We’re increasingly in a place where it’s not unlike the human-genome program — 10 to 12 years ago now — where we can generate data. The rate-limiting step is, How do we analyze it? Genotyping is becoming increasingly cheap, tissue arrays are available, gene-expression arrays are available, scaleable proteomics technologies are becoming available — and the real challenge is, you can generate the data, but how do you make sense of it? I’m increasingly arriving at a position where I think our ability to analyze the data and our need for new statistical approaches are increasingly going to become rate-limiting steps as we figure out how chips become cheaper, genotyping becomes cheaper, protein chips increasingly are available — and in the same vein there are large numbers of cohorts being pulled together by both the public and private sectors. The NCI, the NIH have increasingly focused on getting people with cohorts to work together so there are some fairly large cohorts of samples available.

When I came to Livermore I spent 10 years working on the human-genome project. The thing that had one of the major impacts of the human-genome project was the change in attitude in the ownership of data, and the increasing pressure that data and resources were out into the public domain. And that was a real change in the human-genome project. You know, historically, scientists sat on their data, they controlled parts of data. Molecular biology and the genome program have been a great equalizer because they have changed the attitude of people. And I think that is showing in epidemiology and pharmacogenomics where cohorts are increasingly available to at least an expanding circle, if not everybody. Having access to samples is becoming easier.

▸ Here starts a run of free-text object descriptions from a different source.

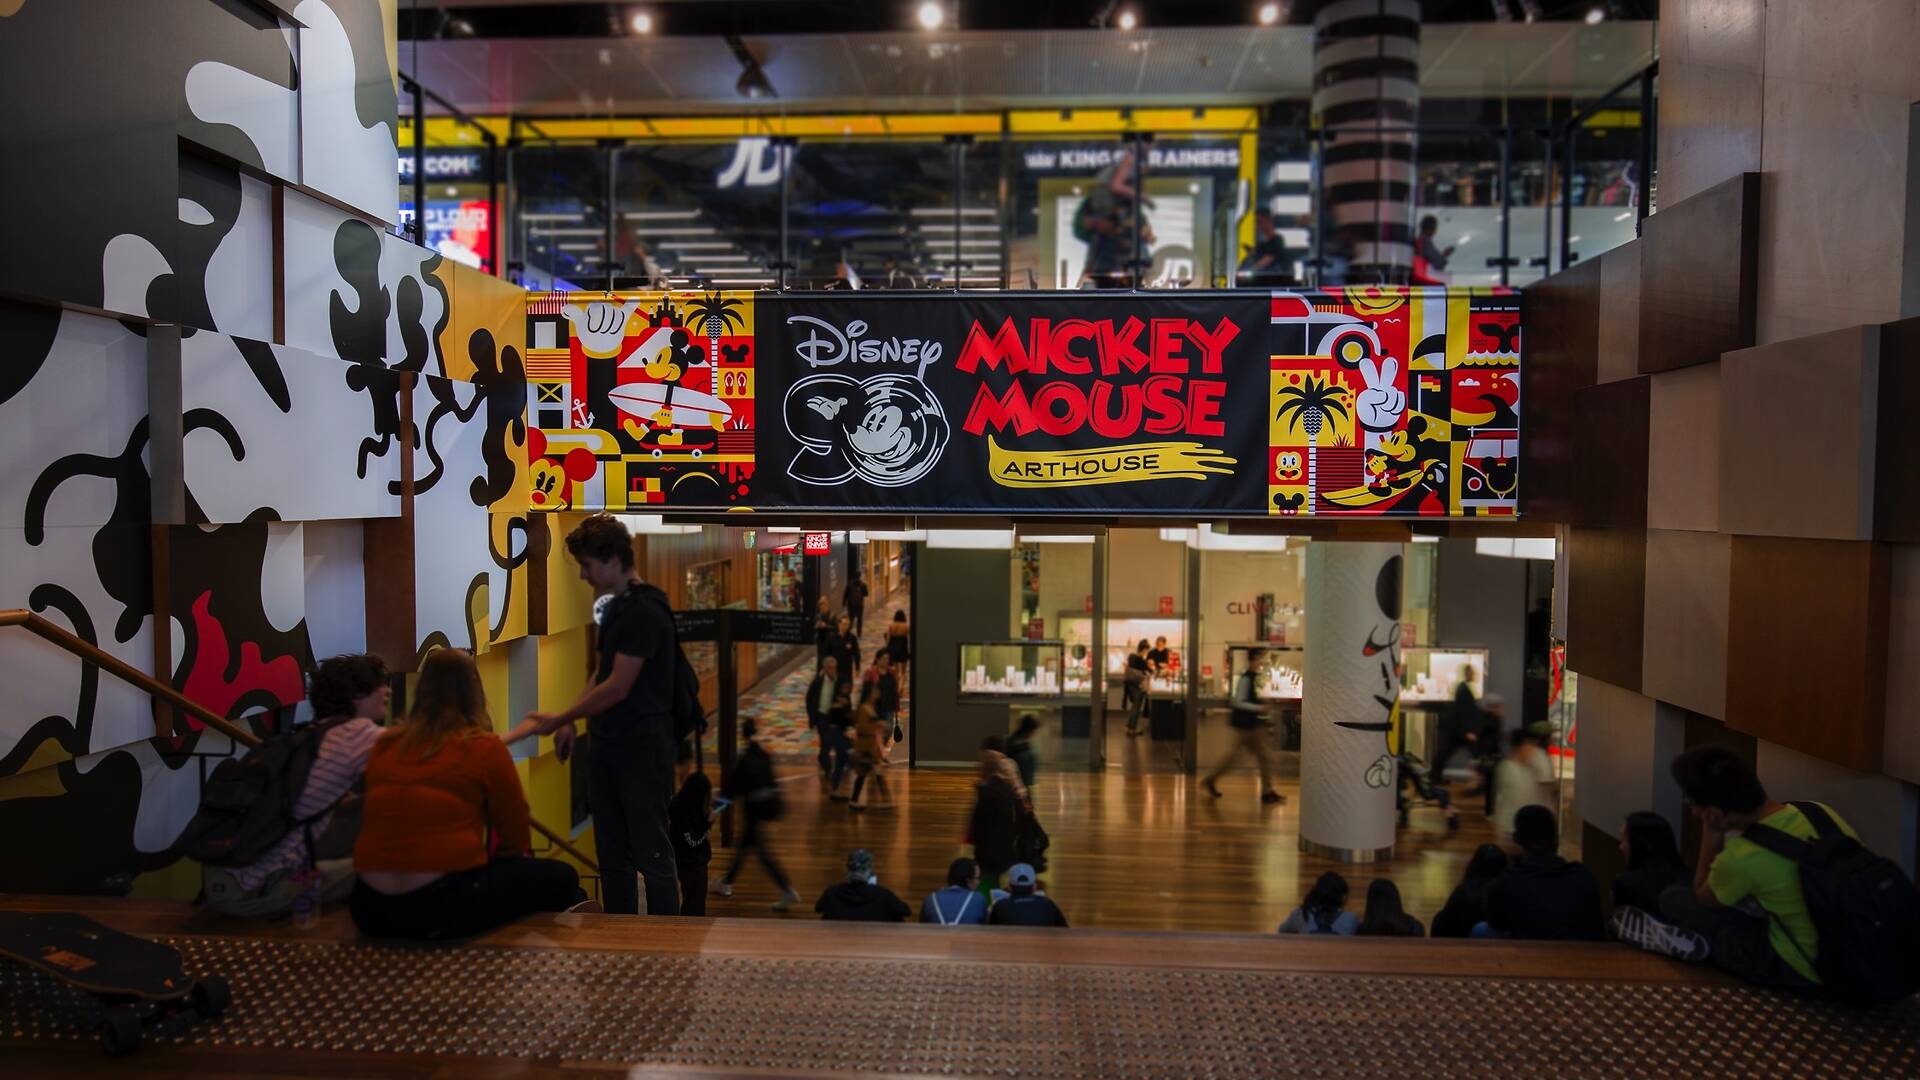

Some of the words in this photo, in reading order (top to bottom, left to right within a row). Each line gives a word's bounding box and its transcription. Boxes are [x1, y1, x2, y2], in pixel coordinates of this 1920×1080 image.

[717, 138, 793, 189] JD
[1146, 149, 1240, 167] RAINERS
[955, 315, 1241, 376] MICKEY
[962, 375, 1227, 439] MOUSE
[1003, 454, 1160, 477] ARTHOUSE

You once said that the task of using pharmacogenomics technology to glean valuable clinical data is like “finding the bits of precious metal in a fast-flowing stream.” What do you see down the road? Will the pan become bigger or will the stream begin to slow down?

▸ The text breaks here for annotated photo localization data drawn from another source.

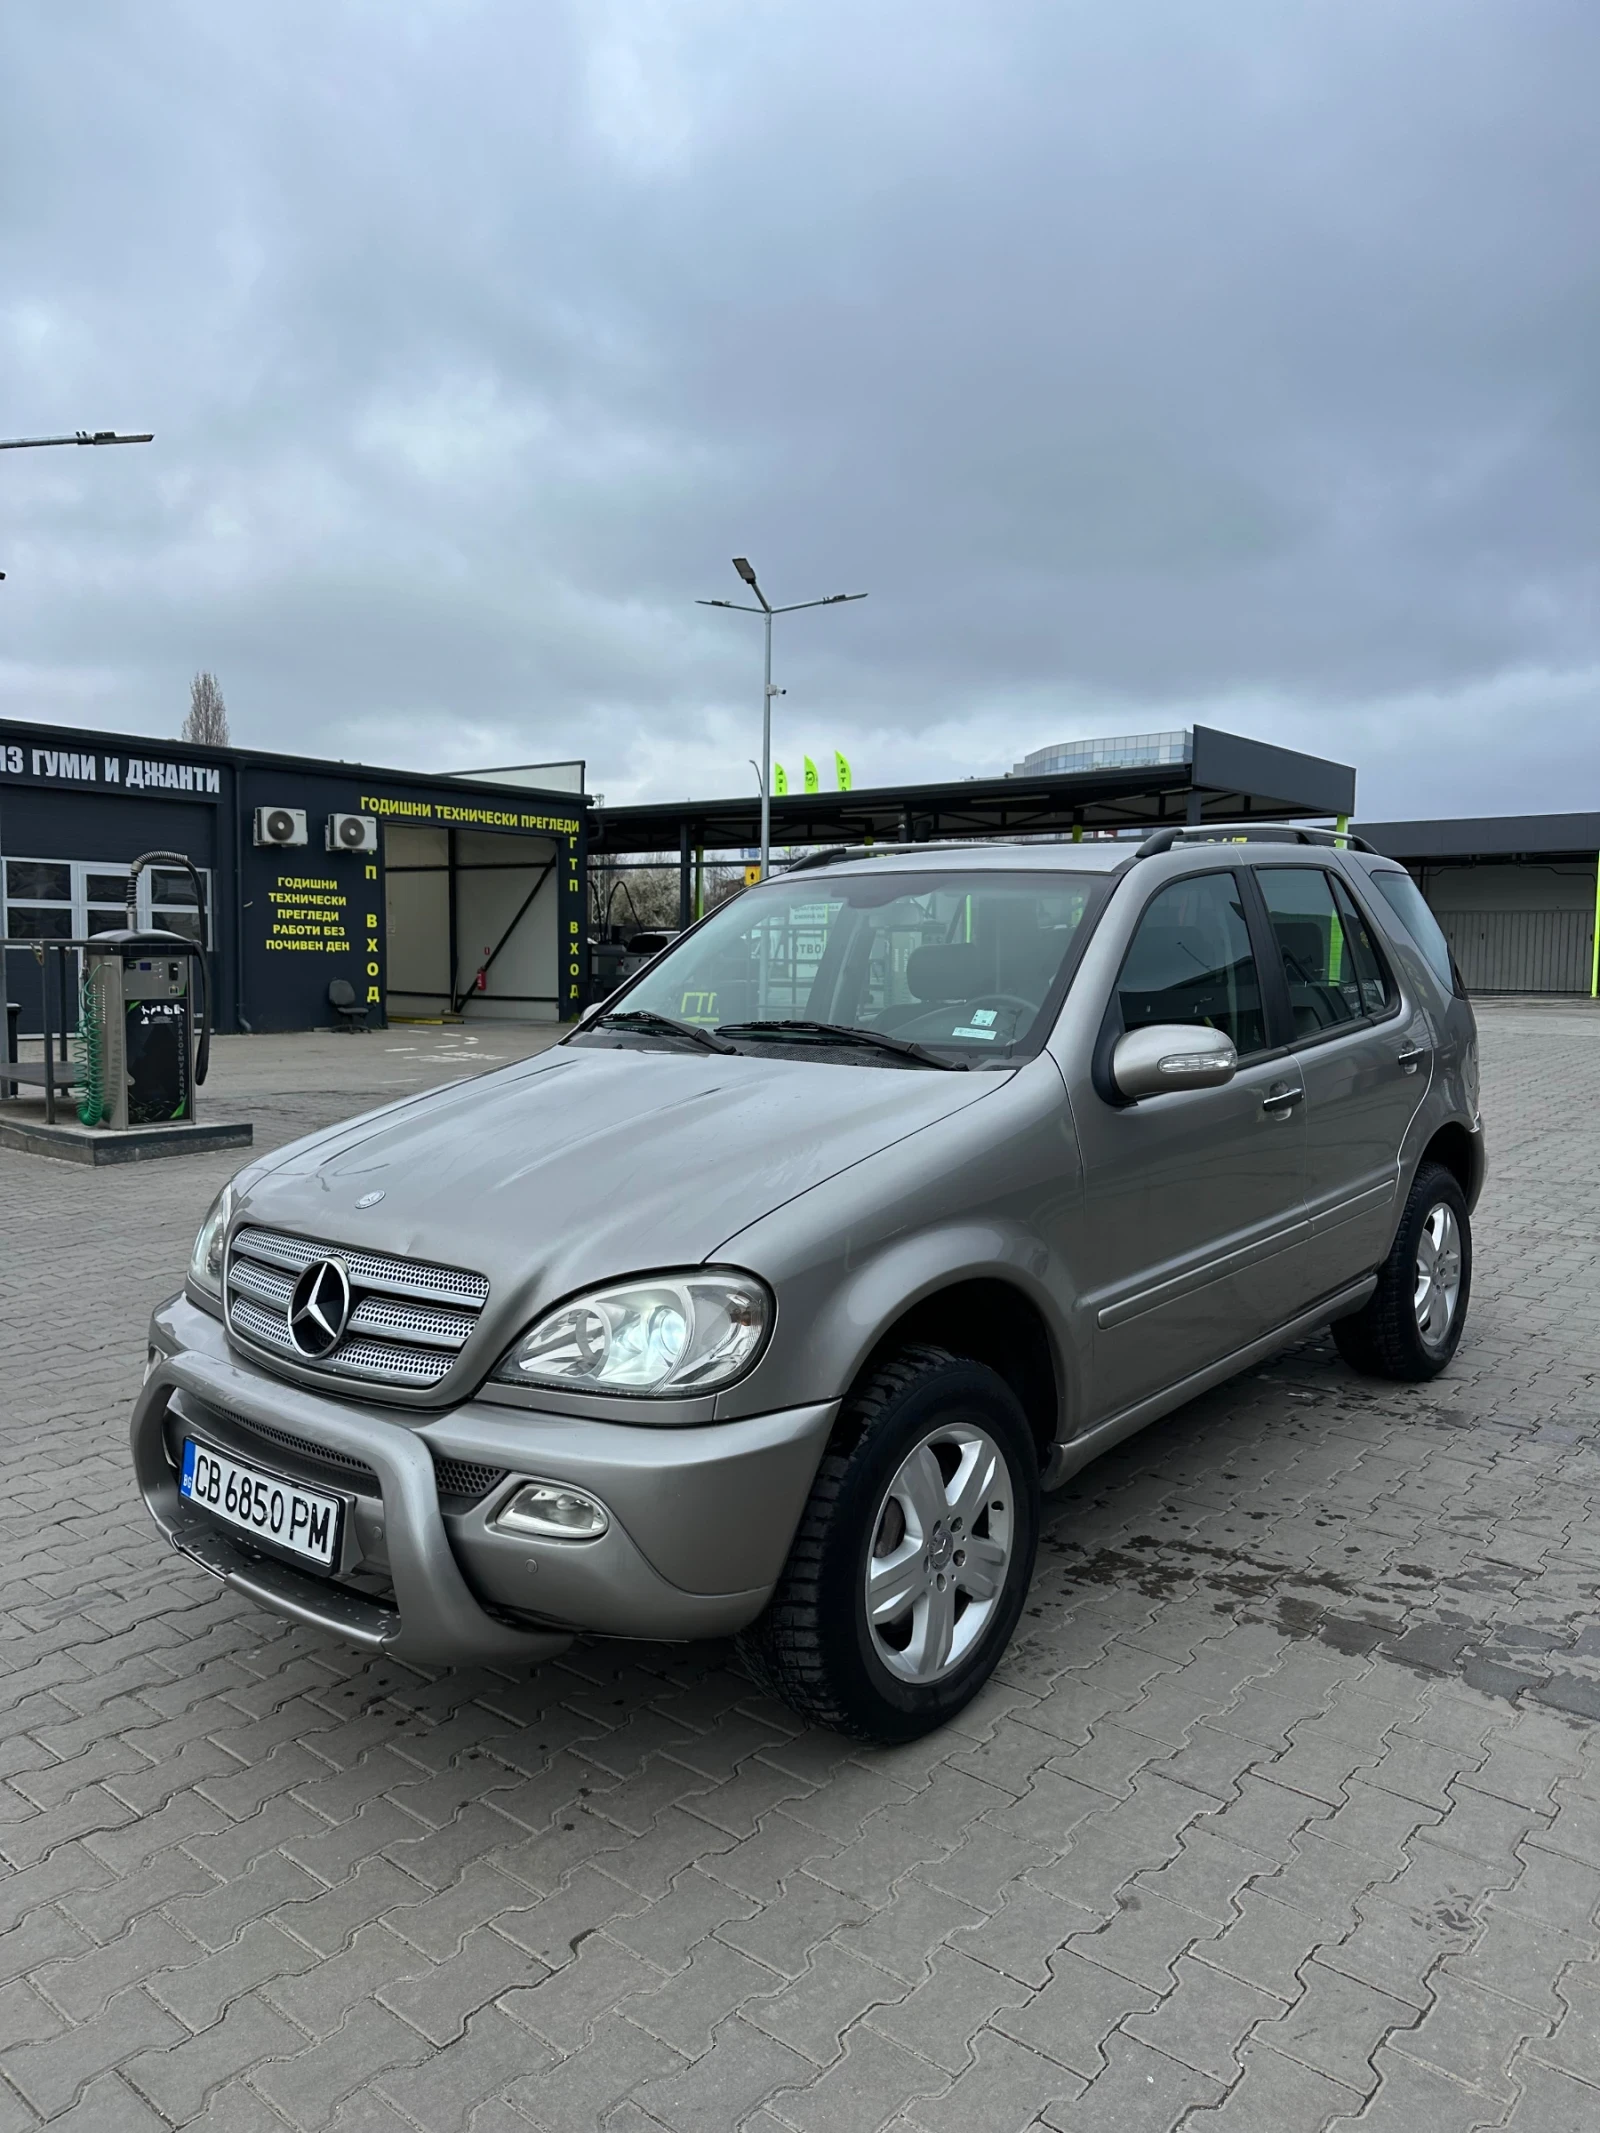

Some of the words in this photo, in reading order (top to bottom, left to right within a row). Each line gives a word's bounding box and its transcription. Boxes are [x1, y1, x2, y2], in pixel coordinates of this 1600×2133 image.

[32, 749, 96, 781] ГУМИ
[104, 757, 120, 783] И
[125, 759, 220, 794] ДЖАНТИ
[361, 796, 432, 817] ГОДИШНИ
[435, 805, 518, 827] ТЕХНИЧЕСКИ
[521, 815, 580, 834] ПРЕГЛЕДИ
[569, 837, 578, 891] ГТП
[277, 877, 338, 890] ГОДИШНИ
[268, 892, 347, 906] ТЕХНИЧЕСКИ
[277, 909, 339, 922] ПРЕГЛЕДИ
[272, 924, 321, 936] РАБОТИ
[323, 926, 345, 937] БЕЗ
[266, 939, 324, 951] ПОЧИВЕН
[326, 941, 350, 952] ДЕН
[366, 913, 380, 1003] ВХОД
[570, 921, 579, 999] ВХОД
[183, 1473, 192, 1489] BG
[195, 1453, 221, 1505] CB
[225, 1470, 284, 1534] 6850
[289, 1496, 331, 1554] PM

It depends on which stream you’re in. And appreciate at least from my perspective, the disease families are really prime territory for the pharmaceutical industry. Because the genes to the diseases that are being identified in these families are really druggable targets. So as we find more and more of these families and understand the biology as to why these folks are at risk, it tells us a lot about disease processes. And, as we understand that biology, this is where the pharmacology and the pharmaceutical industry can focus on finding new drugs. The flip side of that — and I think in this case the stream is going to run even faster in the future — is in the area of individualized medicine.